We humans are driven to make our mark somehow. Creativity is an intrinsic element of being human.  We are excited by the creation of music, drama, literature, art and architecture, they are, ultimately, the core and sometimes the fossils of civilizations. We particularly value those achievements which outlast a single life, and instinctively feel poorer when they are taken from us.  Without disregarding the deeply depressing current human catastrophe of the Middle East, the destruction of ancient archaeological sites in Syria and our reaction to the devastation points to an enduring notion of how we value our ancestors' ability to speak to us through the things they made.

Physically, too, we have evolved to make things. Our marvellous opposable thumb is served by an amazing brain that enables us to realise our ideas through our hands. Our distant ancestors made things all the time; skill to explore and exploit materials was essential to survival, and then became a way to express and record our interventions and sense of world order. Although social structures seem to have divided makers into the most lowly and the most revered people, in different times and places, expertise in making has always had value.  

In fact, it's not just our distant forebears who were familiar with tools and materials in an everyday sense.
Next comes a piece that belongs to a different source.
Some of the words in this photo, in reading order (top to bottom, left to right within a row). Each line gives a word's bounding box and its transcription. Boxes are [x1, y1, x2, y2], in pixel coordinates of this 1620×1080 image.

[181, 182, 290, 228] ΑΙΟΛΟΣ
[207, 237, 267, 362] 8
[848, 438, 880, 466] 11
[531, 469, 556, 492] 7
Some of our parents and grandparents made shelves, clothes, garden swings; mended cars, agricultural machinery and made preserves, often from necessity rather than to fill free time.  I was mildy shocked to hear recently that only a small minority these days knows how to wire a plug.  

As advancing and cheaper technology takes the making of things further from individuals, it takes away some sense of everyday purpose, and maybe connectedness with our physical world.  The virtual world swims around our heads. Shopping from a keyboard is, it turns out, not really a substitute for holding an object with a known, perhaps personal, history.  Dad's toolbox, Granny's pincushion: bought stuff often just doesn't carry the same emotional charge.  Similarly, pinging off emails can only go so far.  What's to show for it at the end of the day?
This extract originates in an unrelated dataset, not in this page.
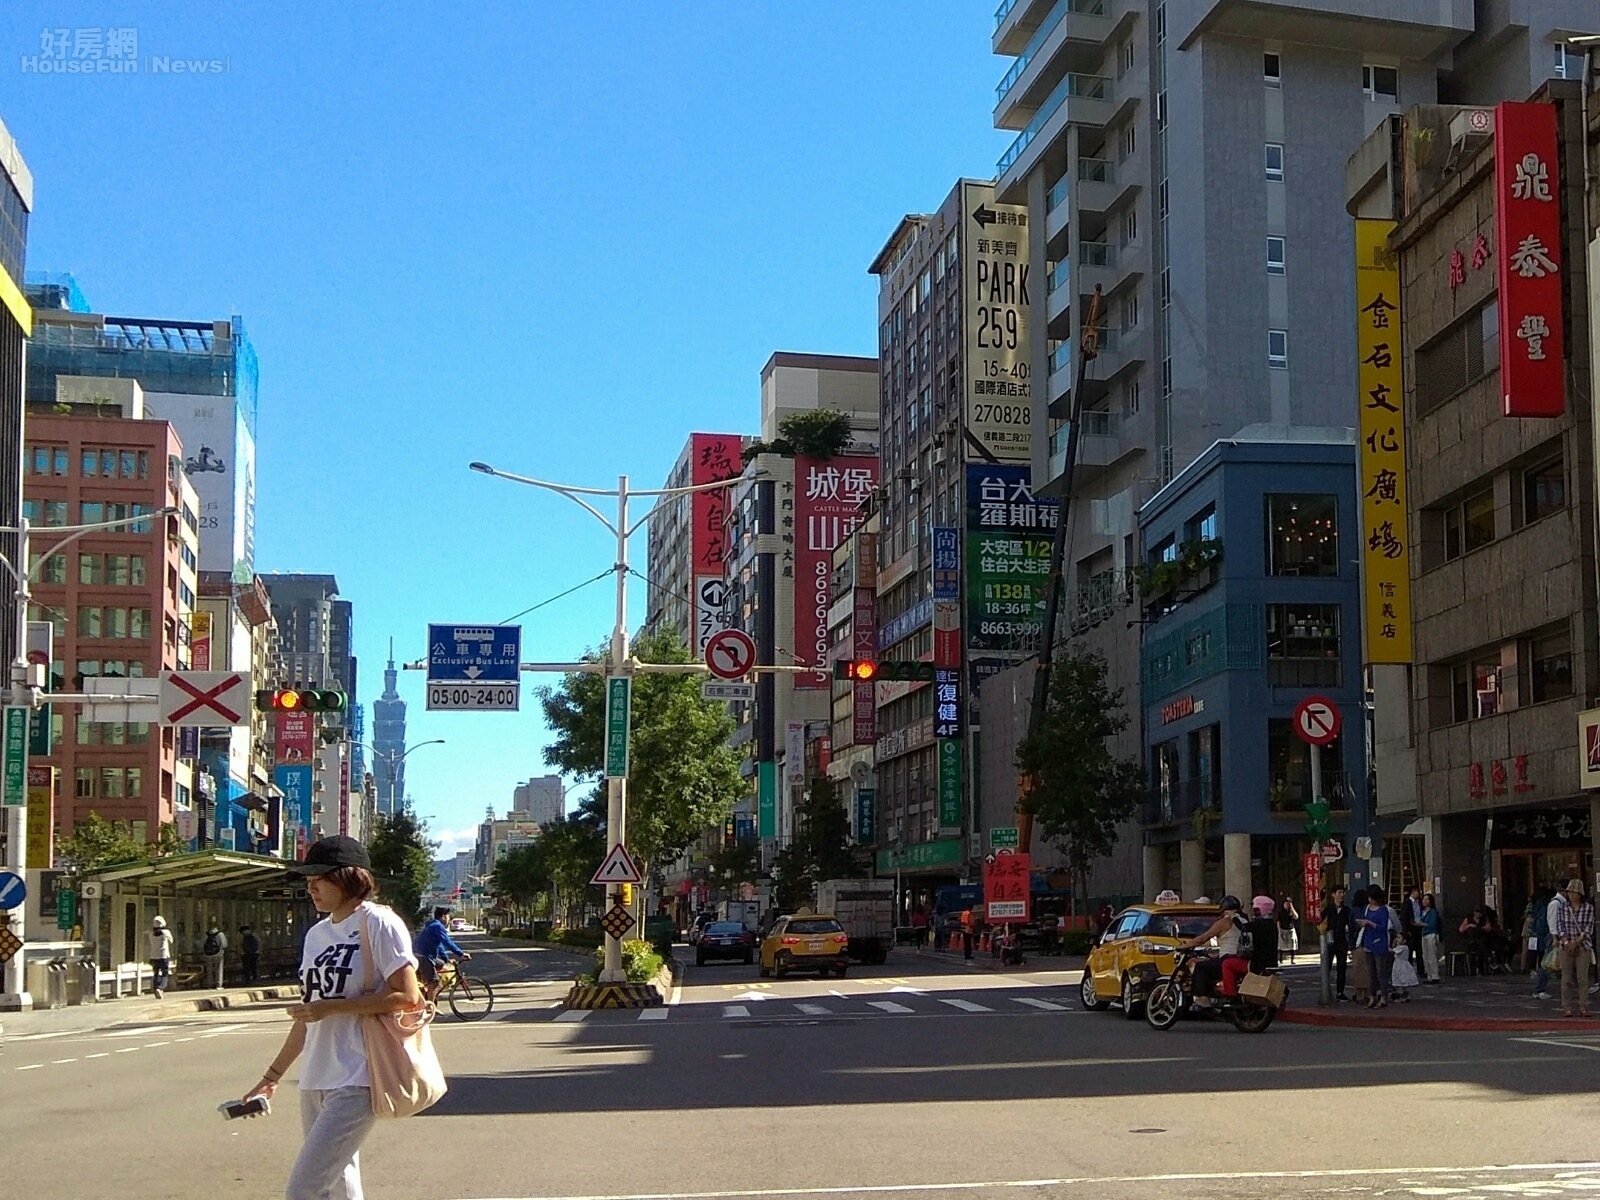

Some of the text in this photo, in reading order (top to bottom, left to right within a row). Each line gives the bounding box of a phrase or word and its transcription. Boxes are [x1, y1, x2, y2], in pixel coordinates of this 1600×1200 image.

Perhaps the nostalgia laden interiors of ye olde country pubs are just that: a rose tinted view.  Life was undeniably harder for great grandad, but those folksy ornaments do illustrate the way we yearn for the days when expert making skills were seen daily in plain view, and universally understood.

The Beeb's Bake Off, of course, feeds off our yearning to get our hands dirty again, to make stuff, and the Pottery Throwdown too.  Like many involved in pottery in a serious way, I have mixed feelings about a telly programme which often trivialises and even misrepresents our craft at the service of arbitrarily imposed timescales and 'entertainment' value.  Still, it has struck a chord with many who feel the need to reconnect hand, eye and brain, and to experience firsthand the satisfaction of making, and on balance a second series is a Good Thing.

Any creative activity is rewarding; the immediacy of forming responsive clay particularly so.  As I suggested earlier, our hands and brains have evolved to support our long-ago urge to find out what materials can do.  The ability to use a material well remains psychologically supremely satisfying. A child exploring the possibilities of mud is engrossed, and rediscovering that fascination as an adult is a magical experience. 

Clay is better than mud; its potential far greater: it holds its shape; it records impressions; it hardens, can become permanent. I bet I'm not the only potter who still finds that sensation of wet clay in my hands the most compelling, intoxicating, addictive thing.  Seeing a potter's thumbprint left on an ancient shard shrinks time to nothing.  We are still connected.